Chronique

Prince Ali
I Miss 1994

Mumbles Hip Hop - 2007

Avant d’écouter une oeuvre mise en téléchargement libre sur la toile, il y a toujours une certaine méfiance. En effet, si l’auteur pense que son produit est de qualité, pourquoi ne l’a-t-il pas commercialisé ? Pour simplement le rendre accessible au plus grand nombre, sans demander son reste ? Voyons, on est en 2007. Pour faire monter son buzz avant la sortie en bac d’un « vrai » opus ? L’hypothèse paraît plus plausible.
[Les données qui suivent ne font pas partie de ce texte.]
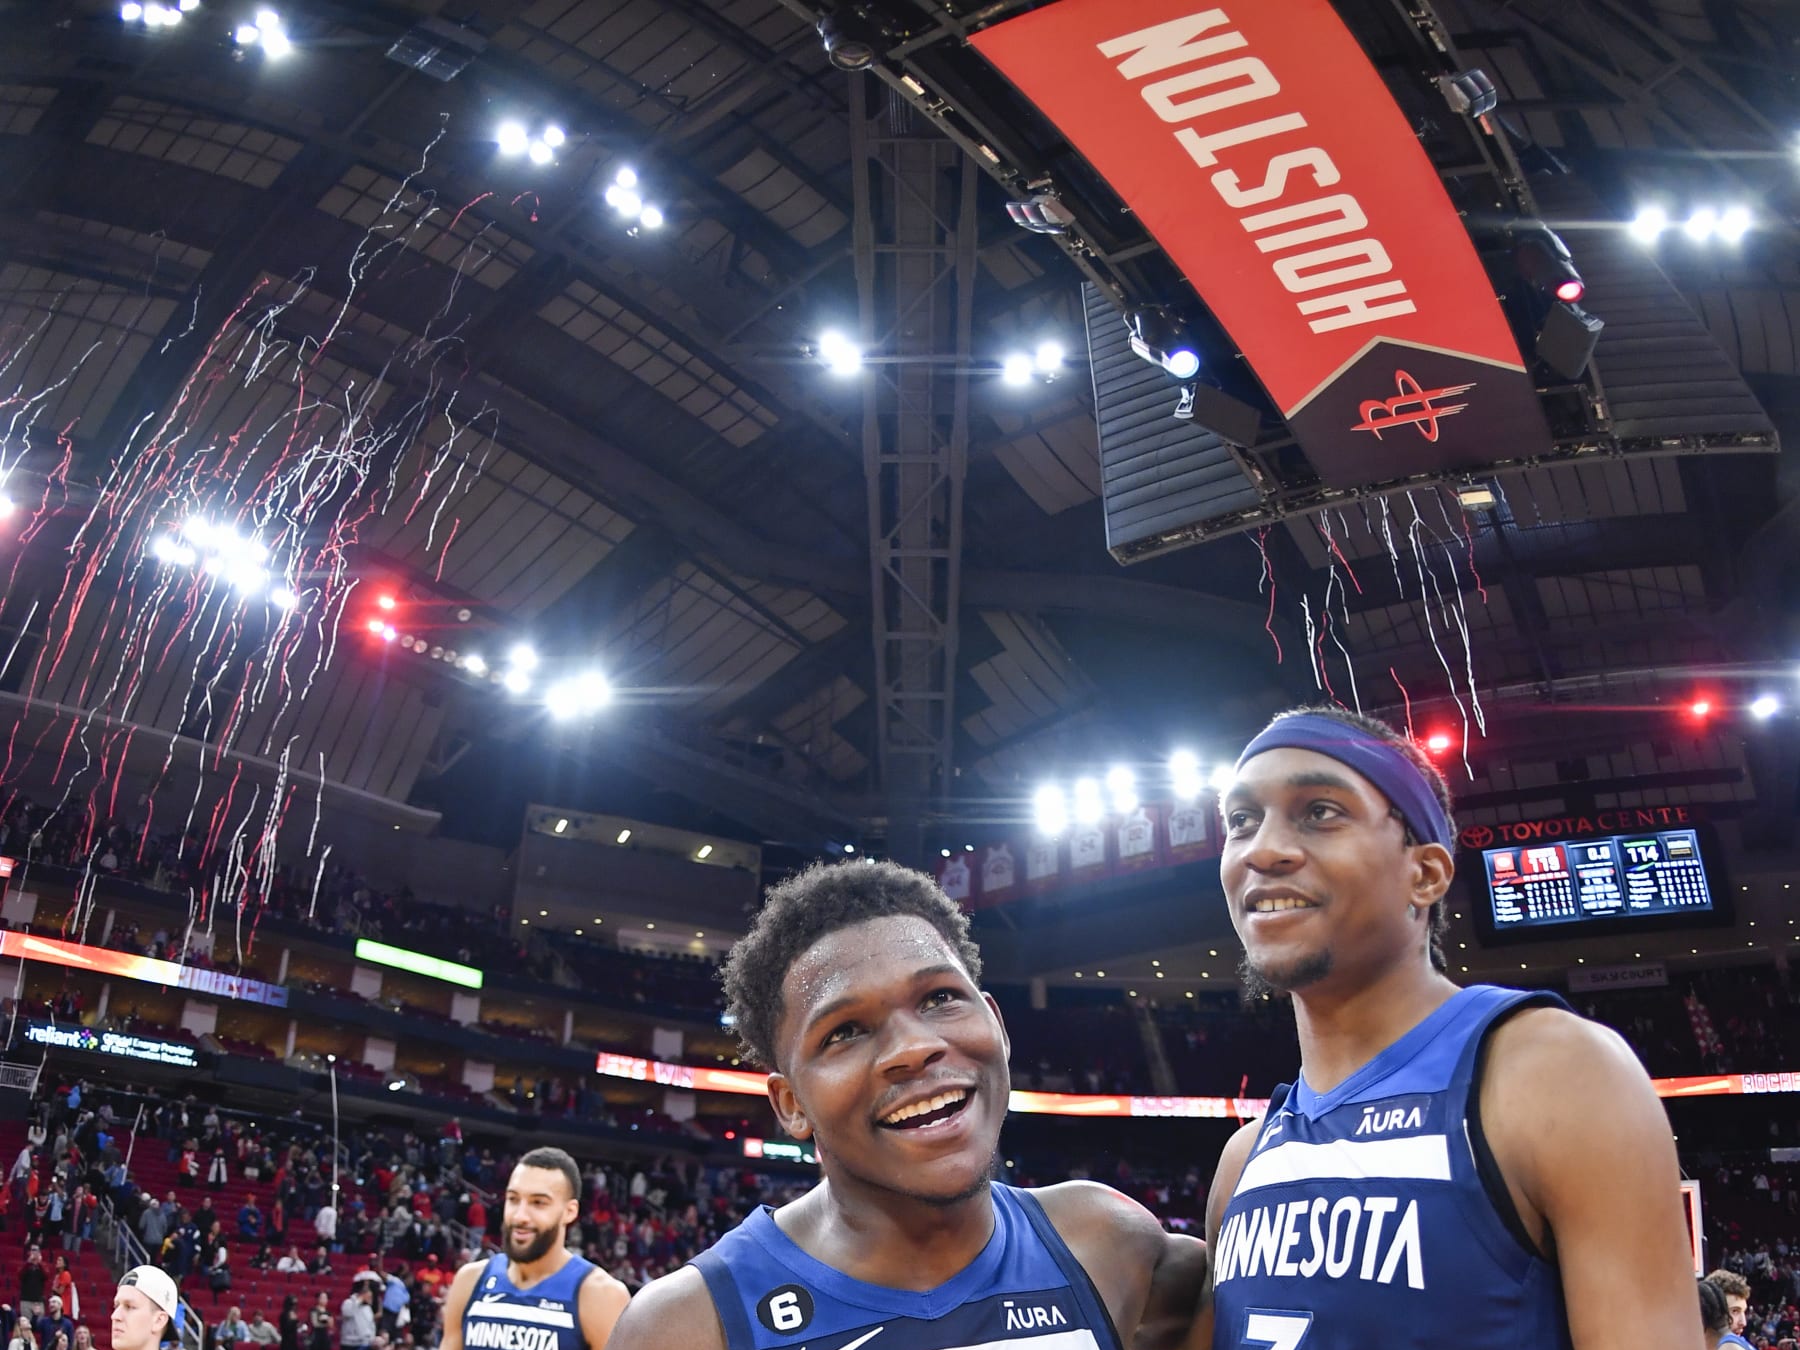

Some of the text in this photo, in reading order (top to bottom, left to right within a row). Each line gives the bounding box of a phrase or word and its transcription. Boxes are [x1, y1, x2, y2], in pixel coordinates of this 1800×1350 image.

[1096, 7, 1417, 335] HOUSTON
[1498, 817, 1594, 841] TOYOTA
[1627, 846, 1659, 862] 114
[29, 1025, 81, 1048] reliant
[1212, 1195, 1425, 1290] MINNESOTA
[485, 1276, 497, 1289] 6
[768, 1291, 804, 1331] 6
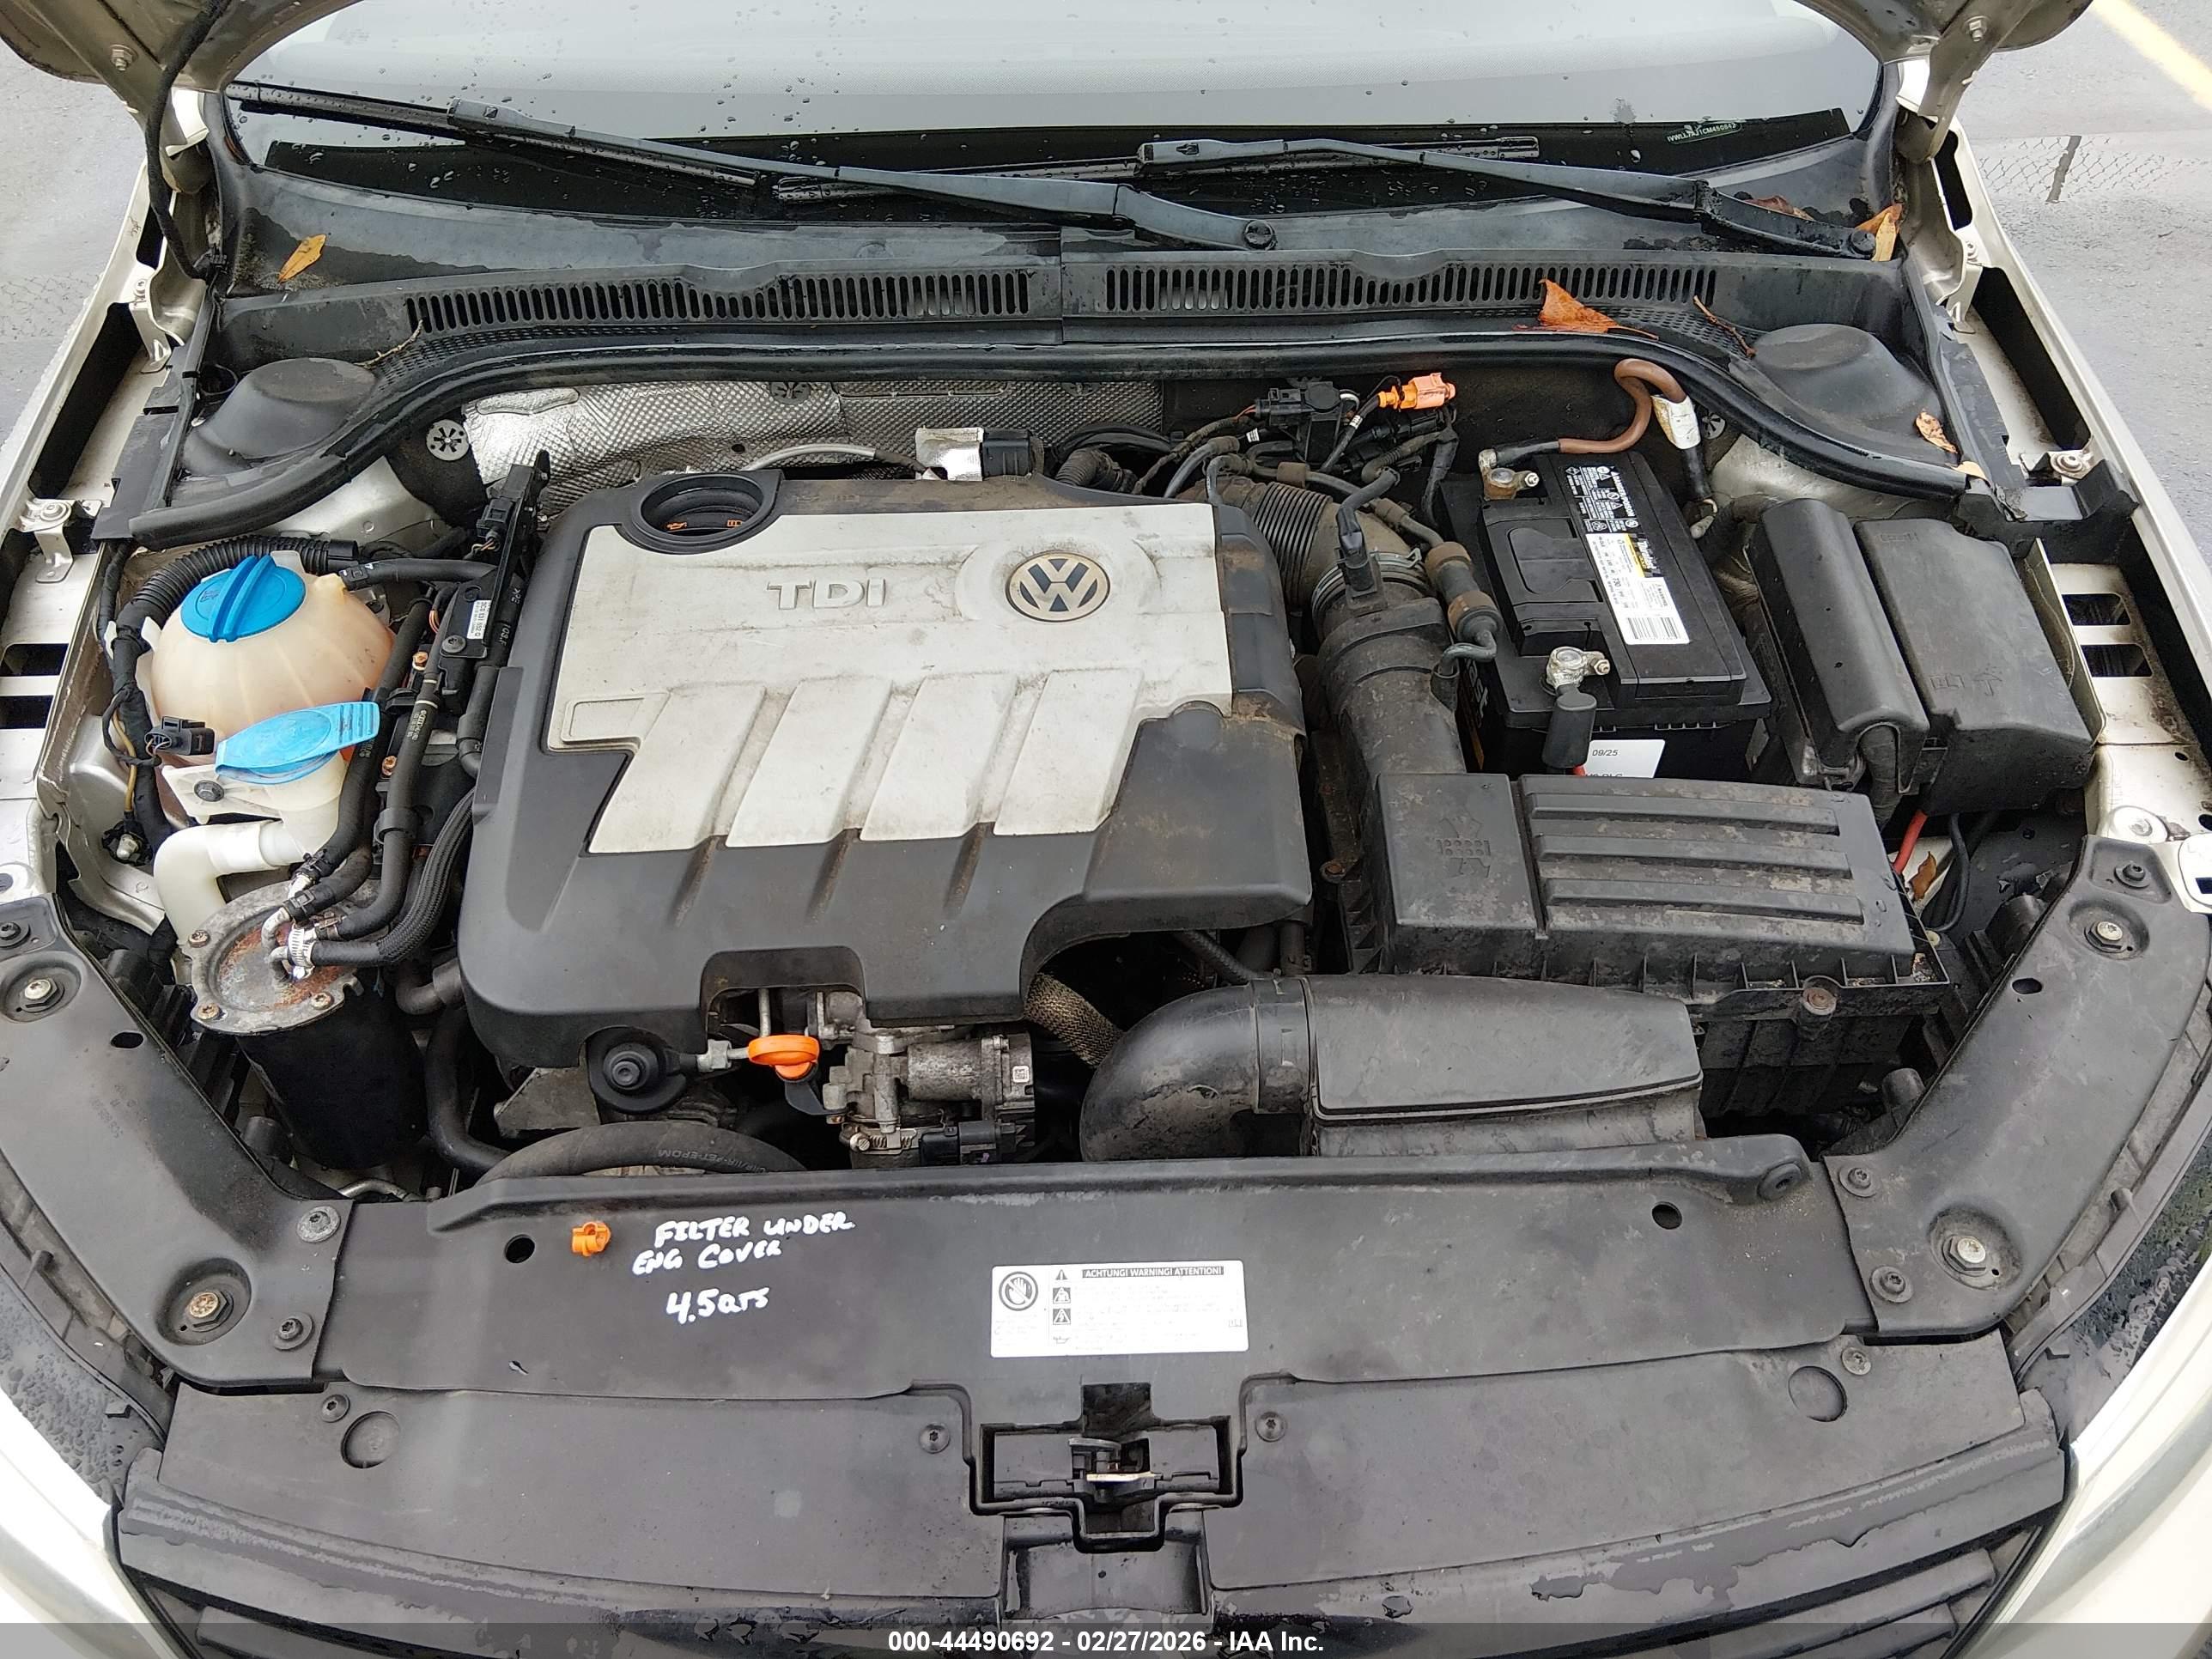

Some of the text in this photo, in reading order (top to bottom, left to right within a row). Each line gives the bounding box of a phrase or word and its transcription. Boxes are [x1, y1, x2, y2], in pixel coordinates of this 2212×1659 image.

[767, 578, 886, 611] TDI
[654, 1212, 855, 1248] FILTER UNDER
[632, 1240, 781, 1275] ENG COVER
[1085, 1267, 1223, 1278] ACHTUNG! WARNING! ATTENTION!
Mais alors, la tentation d’en garder sous la semelle et de ne pas dévoiler tous ses atouts trop tôt n’existe-elle pas ? Méfiance, donc. On ne sait pas grand-chose de Prince Ali. Tout juste qu’il est originaire de Toronto, et qu’à en croire le titre de son EP, il est plutôt nostalgique. Le jeune homme a décidé de laisser son travail parler pour lui, et grand bien lui en a pris. I Miss 1994 constitue un réel instant de relaxation. Prince Ali et le beatmaker Incise nous rappellent que la musique Hip-Hop peut faire voyager. Qu’elle peut permettre à l’auditeur de rompre avec un univers quotidien qu’il ne connaît que trop bien, et dans lequel il replongera probablement plus rapidement qu’il ne le voudrait. Levons déjà les premièrescraintes : I Miss 1994 n’a rien d’un projet au rabais. 13 titres, un son propre, des instrus originaux, des morceaux construits, des interludes et, pour couronner le tout, des invités qu’on connaît plutôt bien (Louieville Sluggah d’O.G.C., Kev Brown et l’ubiquiste Craig G). On pourrait bien avancer que la voix de P.A. semble par moment trop en retrait et peu audible, mais en tout état de cause on a connu des sorties plus bancales.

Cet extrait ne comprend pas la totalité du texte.